Exercise description: An exact transcription of every entry is required. Images are not part of it.

The records:
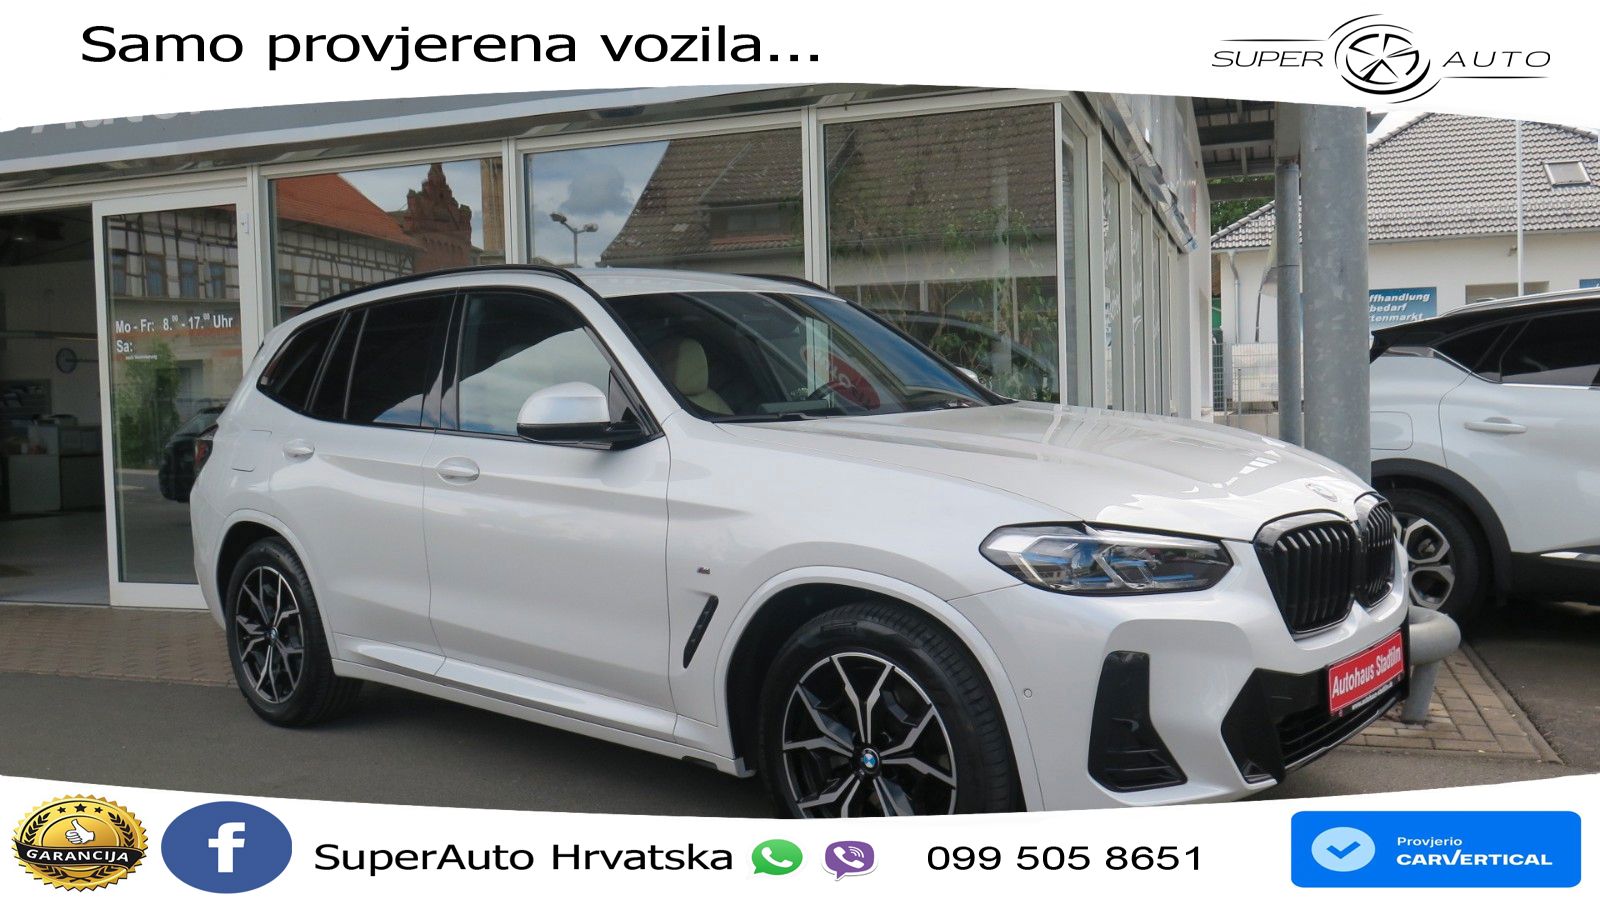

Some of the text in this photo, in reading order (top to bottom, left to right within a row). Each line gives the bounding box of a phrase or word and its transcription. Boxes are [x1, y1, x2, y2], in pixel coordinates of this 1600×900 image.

[115, 320, 131, 334] Mo
[140, 319, 155, 333] Fr:
[213, 315, 233, 329] Uhr
[116, 339, 133, 353] Sa:
[1332, 664, 1375, 698] Autohaus
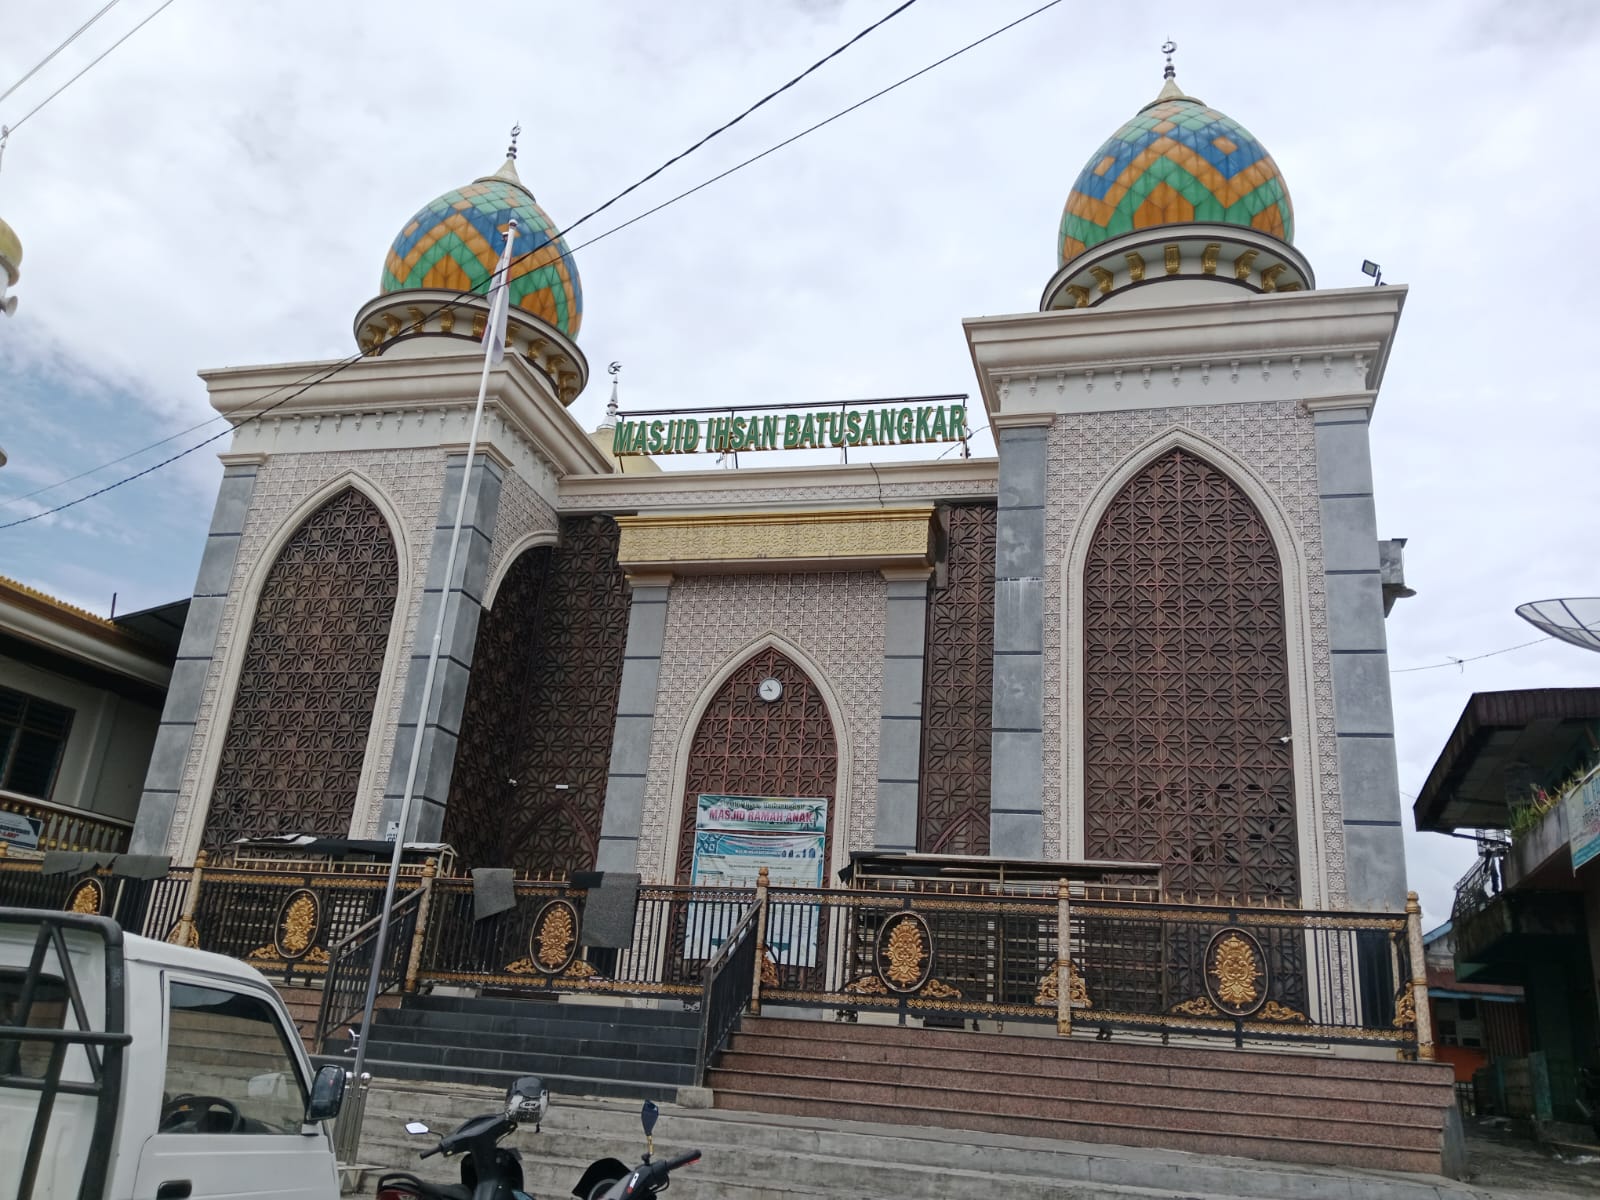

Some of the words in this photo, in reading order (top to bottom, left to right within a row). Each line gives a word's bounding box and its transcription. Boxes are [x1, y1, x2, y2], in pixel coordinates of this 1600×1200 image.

[613, 418, 701, 456] MASJID
[704, 415, 779, 453] IHSAN
[783, 404, 967, 449] BATUSANGKAR
[709, 808, 746, 821] MASJID
[748, 809, 783, 823] RAMAH
[785, 811, 813, 823] ANAK
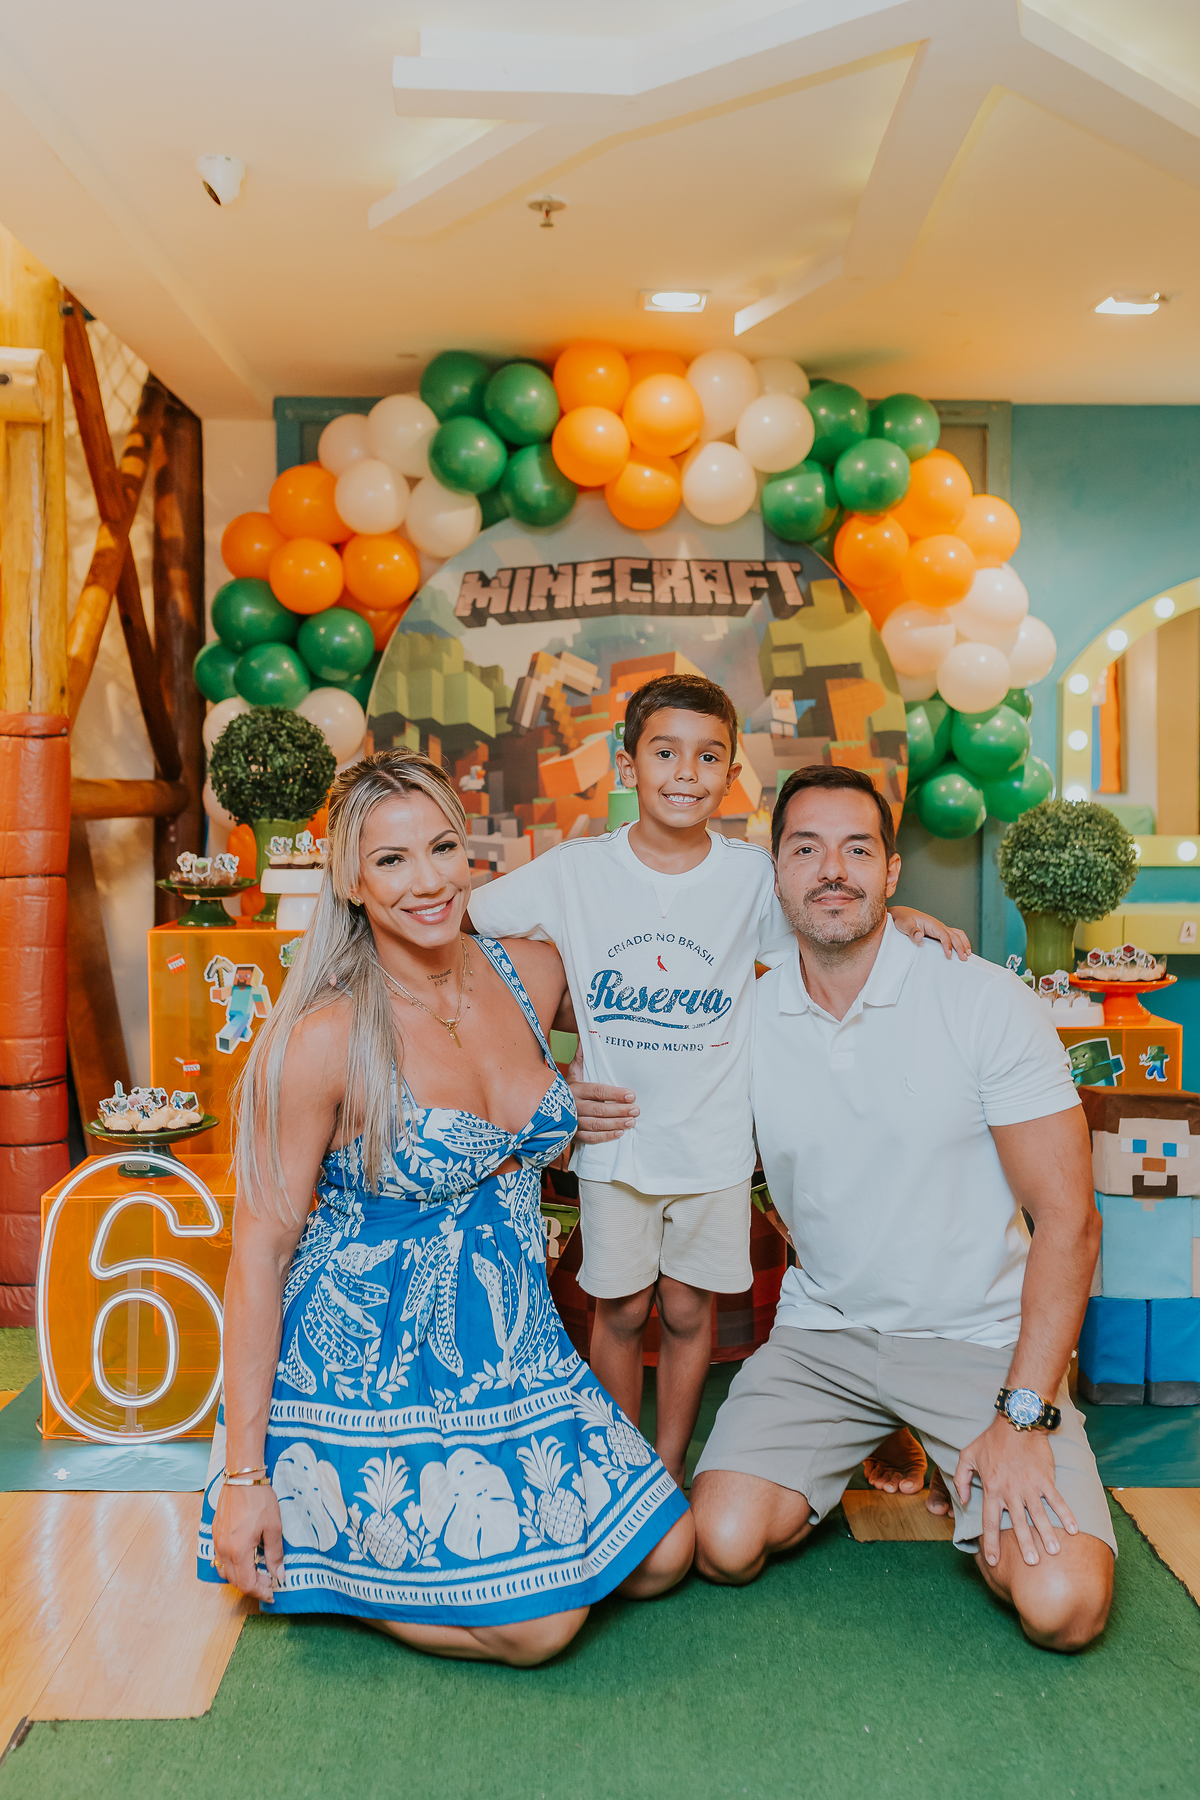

Exercise output:
Some of the text in this photo, in reading order (top to bottom, left to right within a row). Each line gives the bounding box of a phrase or word and its transcription. Boxes are [x1, y1, x2, y2], in pixel coordinates of this 1600×900 image.

[115, 320, 131, 334] Mo
[140, 319, 155, 333] Fr:
[213, 315, 233, 329] Uhr
[116, 339, 133, 353] Sa:
[1332, 664, 1375, 698] Autohaus

Some of the words in this photo, in reading order (top to bottom, left to right within a row). Each line gives a word's bounding box and its transcription. Boxes are [x1, y1, x2, y2], in pixel coordinates of this 1600×1200 image.

[613, 418, 701, 456] MASJID
[704, 415, 779, 453] IHSAN
[783, 404, 967, 449] BATUSANGKAR
[709, 808, 746, 821] MASJID
[748, 809, 783, 823] RAMAH
[785, 811, 813, 823] ANAK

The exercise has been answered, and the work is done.